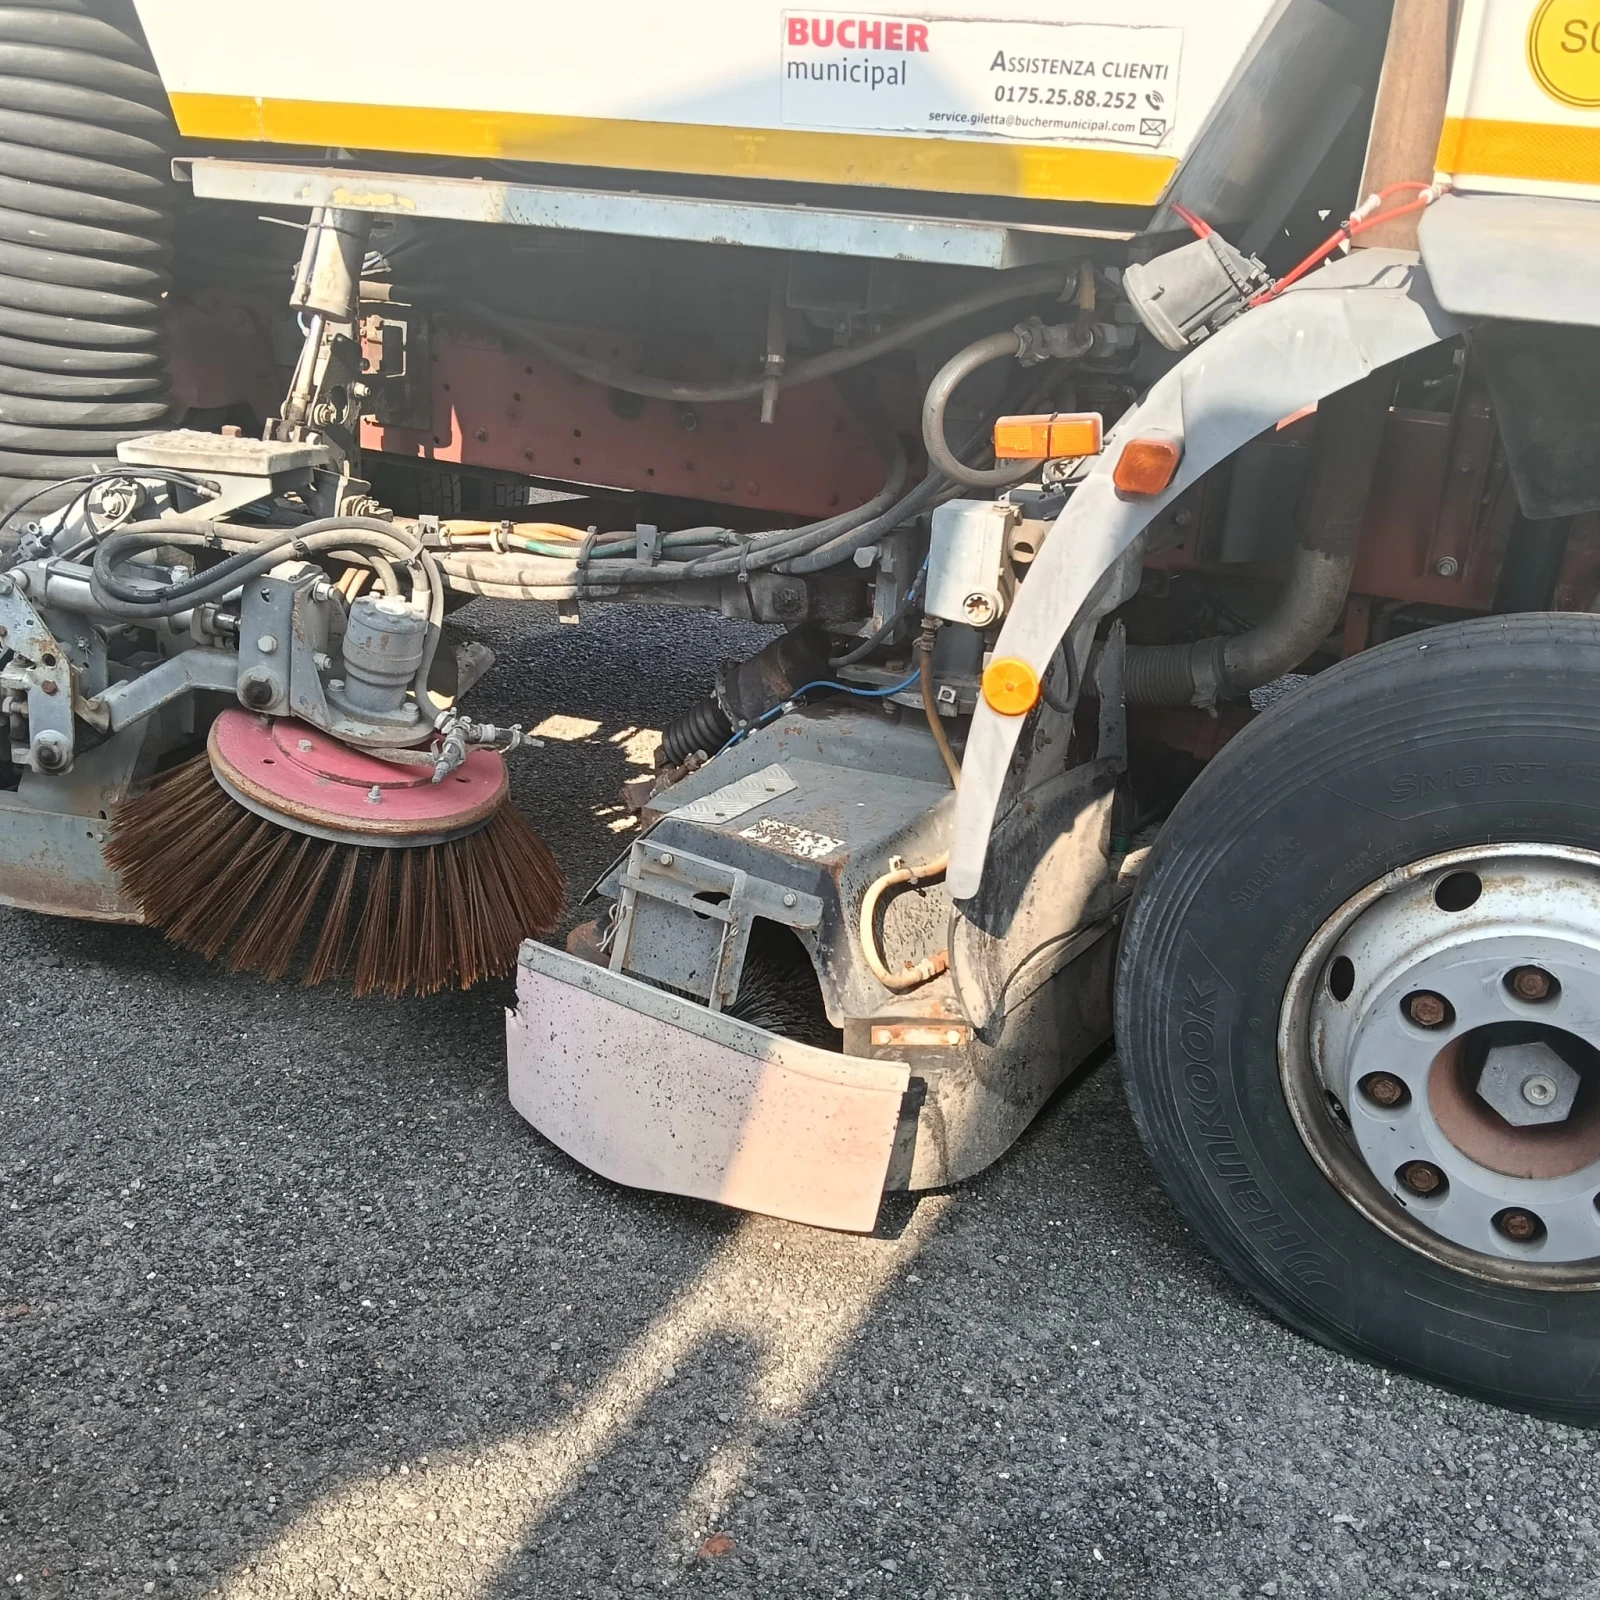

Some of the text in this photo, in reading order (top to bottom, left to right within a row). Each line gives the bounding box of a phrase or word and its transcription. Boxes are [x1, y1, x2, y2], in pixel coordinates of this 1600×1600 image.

[787, 17, 930, 53] BUCHER
[786, 57, 907, 91] municipal
[990, 50, 1169, 81] ASSISTENZA CLIENTI
[994, 85, 1137, 110] 0175.25.88.252
[928, 110, 1136, 133] service.giletta@buchermunicipal.com
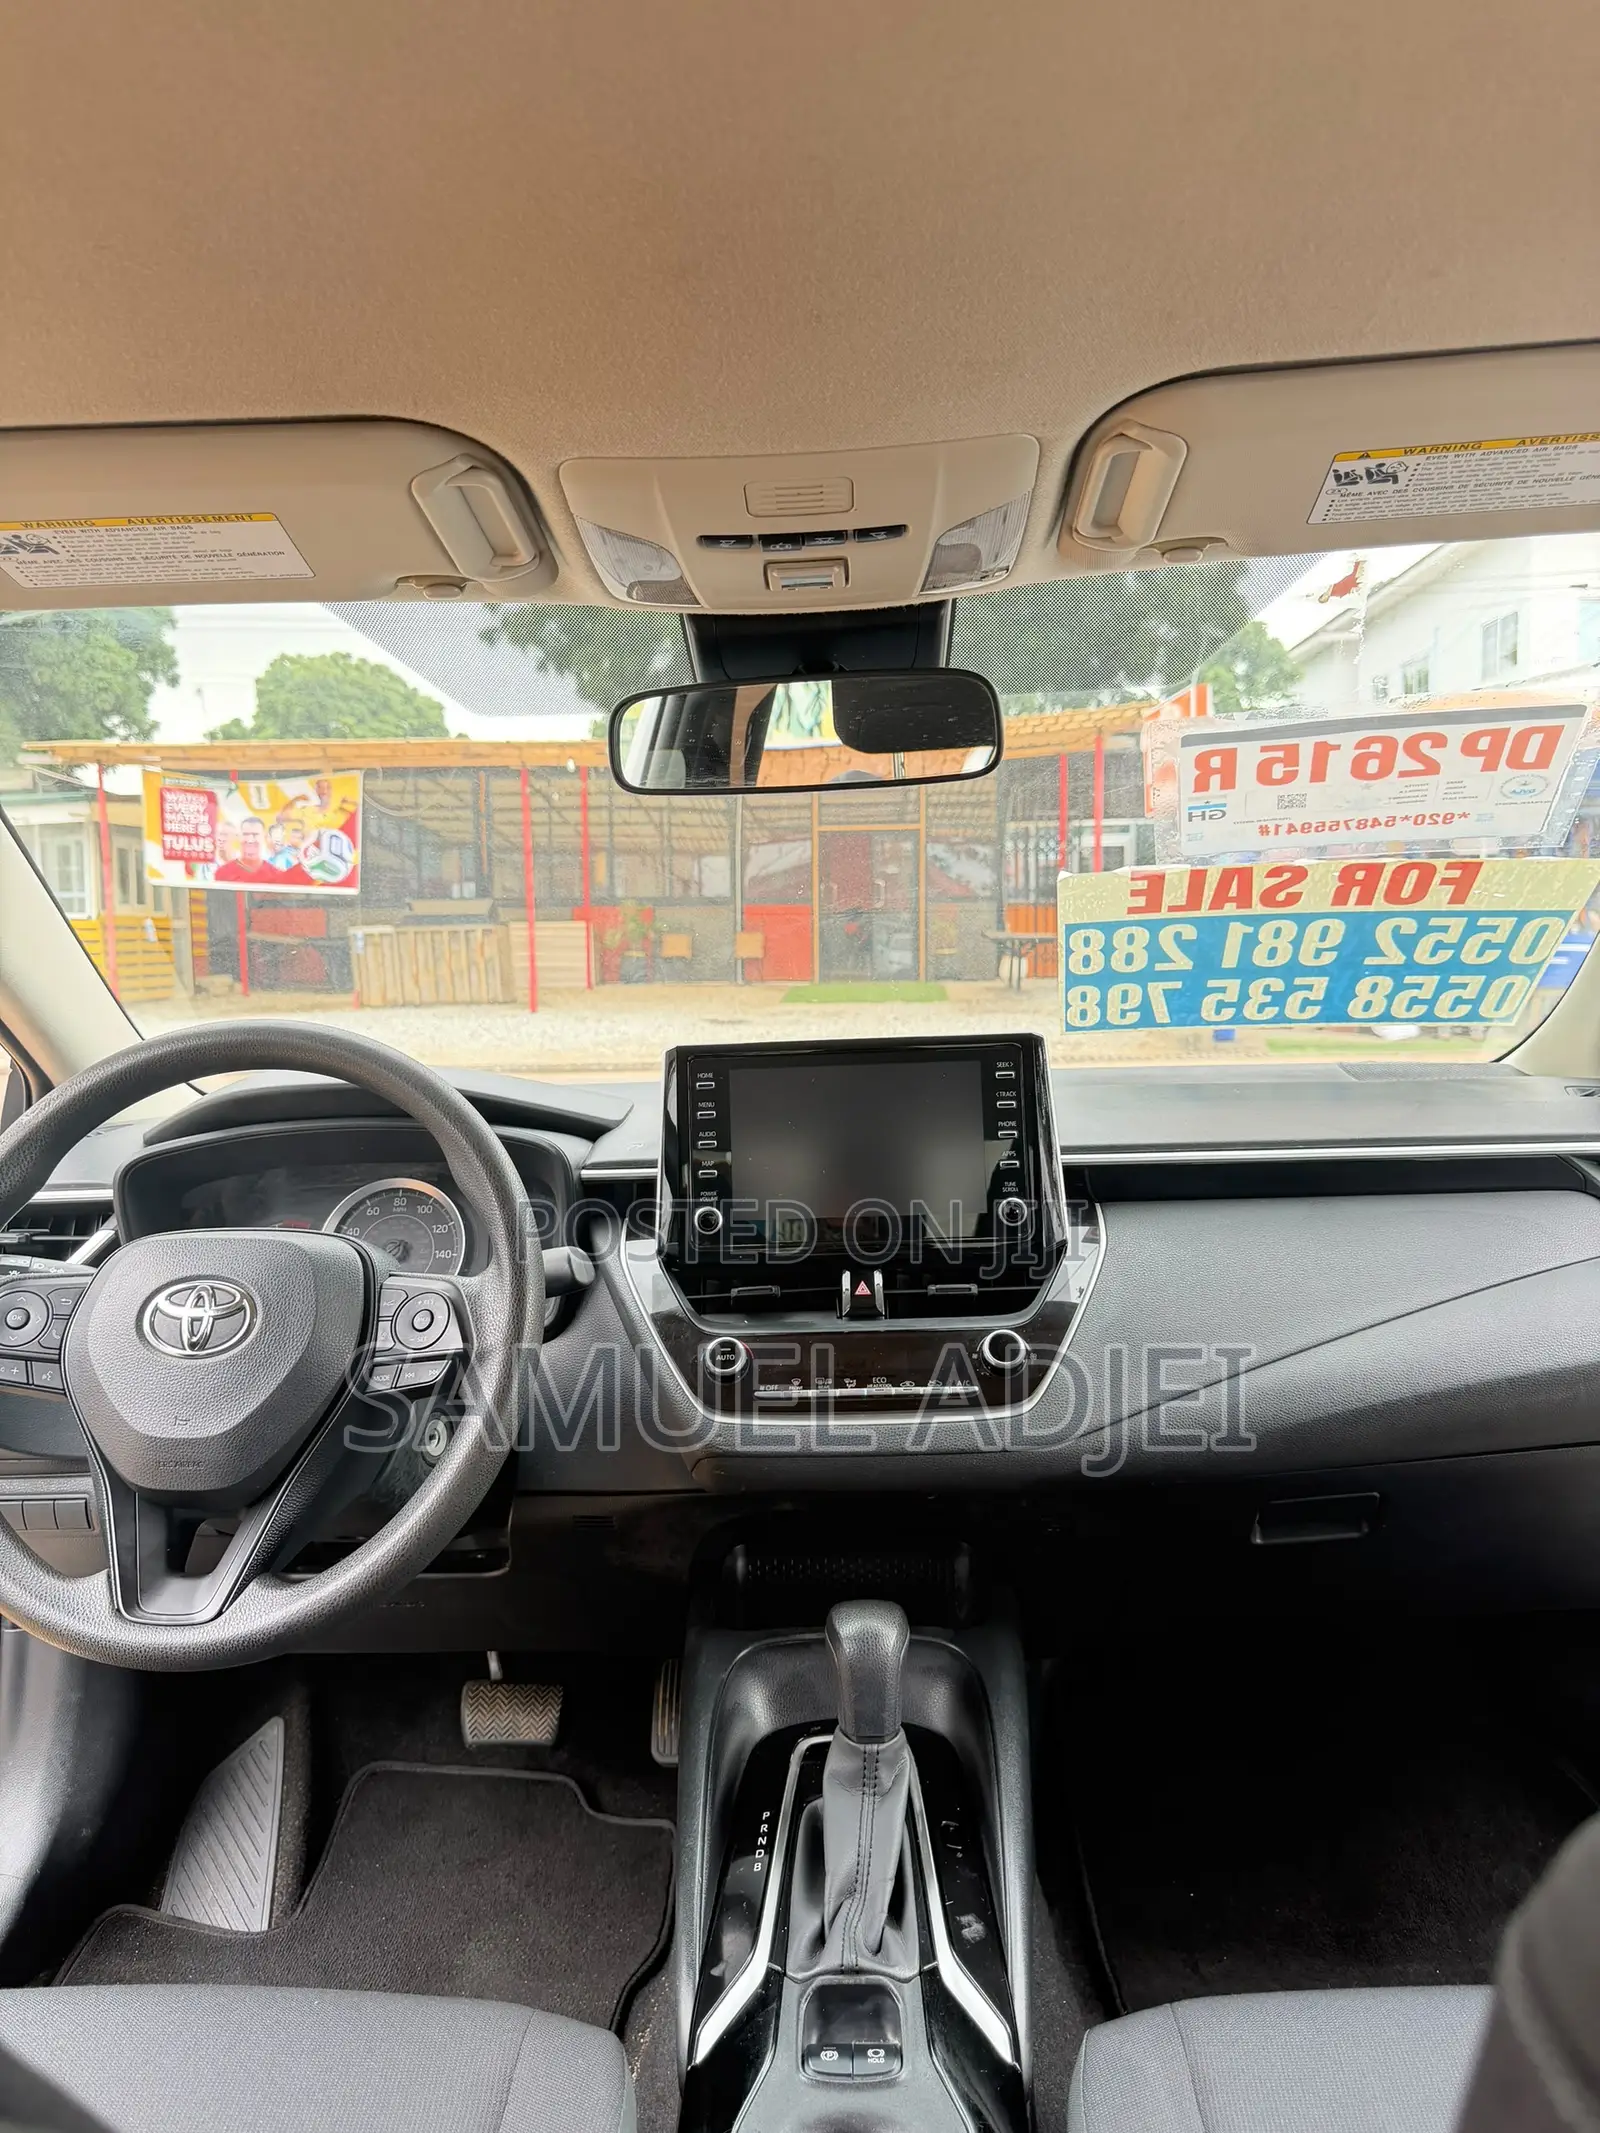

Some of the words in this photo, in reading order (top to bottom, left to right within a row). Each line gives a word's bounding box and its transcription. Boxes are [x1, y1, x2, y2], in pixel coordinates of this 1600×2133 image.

[1403, 442, 1483, 455] WARNING
[1480, 448, 1529, 457] ADVANCED
[20, 519, 96, 529] WARNING
[126, 514, 255, 526] AVERTISSEMENT
[163, 834, 215, 852] TULUS
[393, 1197, 407, 1206] 80
[366, 1207, 380, 1216] 60
[416, 1205, 433, 1214] 100
[347, 1226, 360, 1236] 40
[431, 1224, 449, 1233] 120
[435, 1249, 452, 1259] 140
[373, 1374, 391, 1382] MODE
[872, 1376, 888, 1384] ECO
[762, 1811, 770, 1820] P
[760, 1824, 769, 1833] R
[757, 1836, 767, 1846] N
[755, 1849, 765, 1859] D
☆ ☆ ☆ ☆ ☆ ☆ ☆
Task objective |
The copy you produce must hold all the records above exactly and none of their pictures.

Finished exercise |
Some of the text in this photo, in reading order (top to bottom, left to right within a row). Each line gives the bounding box of a phrase or word and its transcription. Boxes are [x1, y1, x2, y2], in pixel coordinates of this 1600×1600 image.

[787, 17, 930, 53] BUCHER
[786, 57, 907, 91] municipal
[990, 50, 1169, 81] ASSISTENZA CLIENTI
[994, 85, 1137, 110] 0175.25.88.252
[928, 110, 1136, 133] service.giletta@buchermunicipal.com

Some of the words in this photo, in reading order (top to bottom, left to right within a row). Each line gives a word's bounding box and its transcription. Boxes are [x1, y1, x2, y2], in pixel coordinates of this 1600×2133 image.

[1403, 442, 1483, 455] WARNING
[1480, 448, 1529, 457] ADVANCED
[20, 519, 96, 529] WARNING
[126, 514, 255, 526] AVERTISSEMENT
[163, 834, 215, 852] TULUS
[393, 1197, 407, 1206] 80
[366, 1207, 380, 1216] 60
[416, 1205, 433, 1214] 100
[347, 1226, 360, 1236] 40
[431, 1224, 449, 1233] 120
[435, 1249, 452, 1259] 140
[373, 1374, 391, 1382] MODE
[872, 1376, 888, 1384] ECO
[762, 1811, 770, 1820] P
[760, 1824, 769, 1833] R
[757, 1836, 767, 1846] N
[755, 1849, 765, 1859] D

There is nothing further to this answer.